Mr. Smeaton, who succeeded Mr. Polwarth, had a rude experience of this “boasting.” While “diligently occupied in examining and instructing the people for the Sacrament, of Christ’s Body and Blood,” on May 2, 1579, one Henry Houston, who, in the preceding June, had been excommunicated by order of the Assembly at Glasgow for heresy, broke into the place where he was engaged, and “ did what lay in him to draw away the simple sort from the doctrine of salvation, plainly dissuading them to give any credit, and in a great rage oftentimes repeating that the said Master Thomas and all other heretics should be hanged before he renounce the mass or any part of papistry, with sundry other threatening speeches.” About July 15 in the same year, another outrage was perpetrated, but of a different kind. As William Cunningham, the reformed minister of Lochwinnoch, who was “lamyt of ane leg,” was riding in the town of Paisley, “ upon ane meir,” the mare, “ be sum eivill treatment chancit to de.” Whereupon Robert Alexander, William Mudy, and John Wilson, three inhabitants of Paisley, who are described in the complaint made by Andrew Hay, Melville, and Smeaton, as “ ennymeis to all sic as professis the trew religion,” “come, with aill and uther provisioun, and pourit drink in the meiris mouth, and thaireftir dansit and sang the saule mass and dairgie for the ministeris deid meir, as they callit it,” all to the contempt of “ sic as fearis God.” The culprits denied the charge, but the Privy Council found them guilty, and ordained them to “ be punished in their persons and goods at the will of our Sovereign Lord.”
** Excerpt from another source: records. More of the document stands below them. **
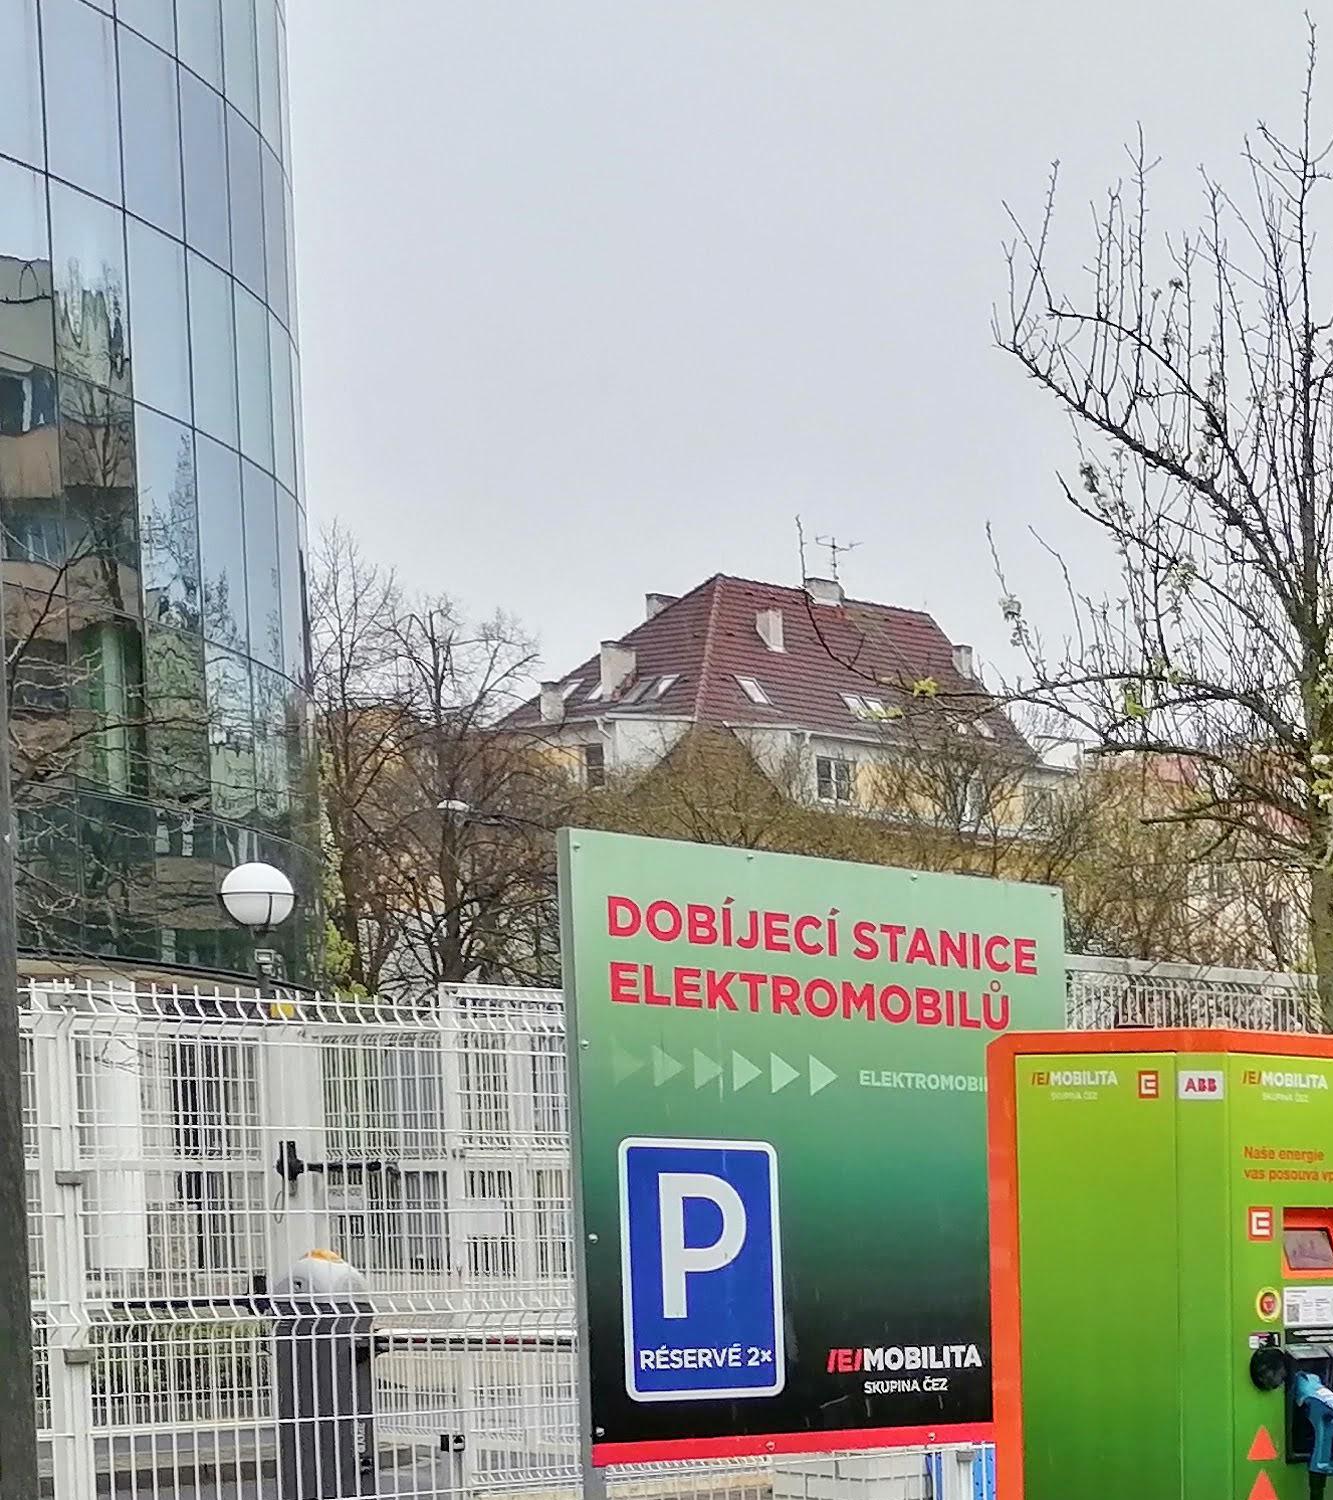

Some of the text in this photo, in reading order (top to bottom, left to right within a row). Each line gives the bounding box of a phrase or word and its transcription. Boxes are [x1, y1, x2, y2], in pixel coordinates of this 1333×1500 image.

[607, 896, 1038, 976] DOBÍJECÍ STANICE
[609, 962, 1010, 1031] ELEKTROMOBILŮ
[1185, 1078, 1217, 1093] ABB
[1279, 1149, 1325, 1164] energie
[658, 1172, 747, 1319] P
[640, 1344, 742, 1370] RÉSERVÉ
[864, 1376, 948, 1394] SKUPINA ČEZ
The time was coming, however, when to make open profession of the tenets of the old Church, or even to hold them in secret, was to be dangerous. Mr. Andro Knox, who followed Smeaton as minister of Paisley, was a different man from his gentle predecessor. His zeal against Catholics was fanatical, and his success in discovering them had commended him not only to the brethren, but also to the King and Privy Council. He belonged to the Knoxes of Ranfurlie in Kilbarchan, and for some time had been minister at Lochwinnoch. His appointment to Paisley seems to have been made in 1585, or shortly before the time when Lord Claud Hamilton finally returned.

The first indication of his activity in his new charge is probably to be found in the “ greeves ” or complaints given in to the King by the General Assembly in February, 1588. Among the “greeves” is the complaint that the “Abbot of Paisley ” and Robert Aldjo, burgess of Paisley, were receivers of Jesuites, and that the former “ since his last coming into Scotland refuseth to subscribe and communicat.” It would be doing an injustice almost to Mr. Knox’s zeal not to suppose that this “ greeve ” was made at his instance. “ Stern Claud,” however, stood high in the favour of the King, and was not the sort of man to be rashly meddled with, and his presence and influence in Paisley may have had a restraining influence upon the minister’s zeal, at least in the town of Paisley and county of Renfrew. Anyhow, we hear no more of his doings in the county till perhaps the year 1596, when he may have had some hand in inducing the magistrates of Paisley to enforce the Act against absentees from Church.

But long before this, before even the year 1592 was ended, Mr. Knox had obtained a fame which was much more than local ; the whole country was talking of his doings. So successful had he been in his favourite occupation of detecting Catholics, that he had obtained a commission from the King, empowering certain noblemen and barons and himself and any others “ whom he thought meitest to imploy,” to seek and apprehend “ all excommunicat papists, Jesuits, seminarie priestis, and suspect trafficquaris with the King of Spayne and utheris foreynaris to the subversioun of Goddis trew religioun.”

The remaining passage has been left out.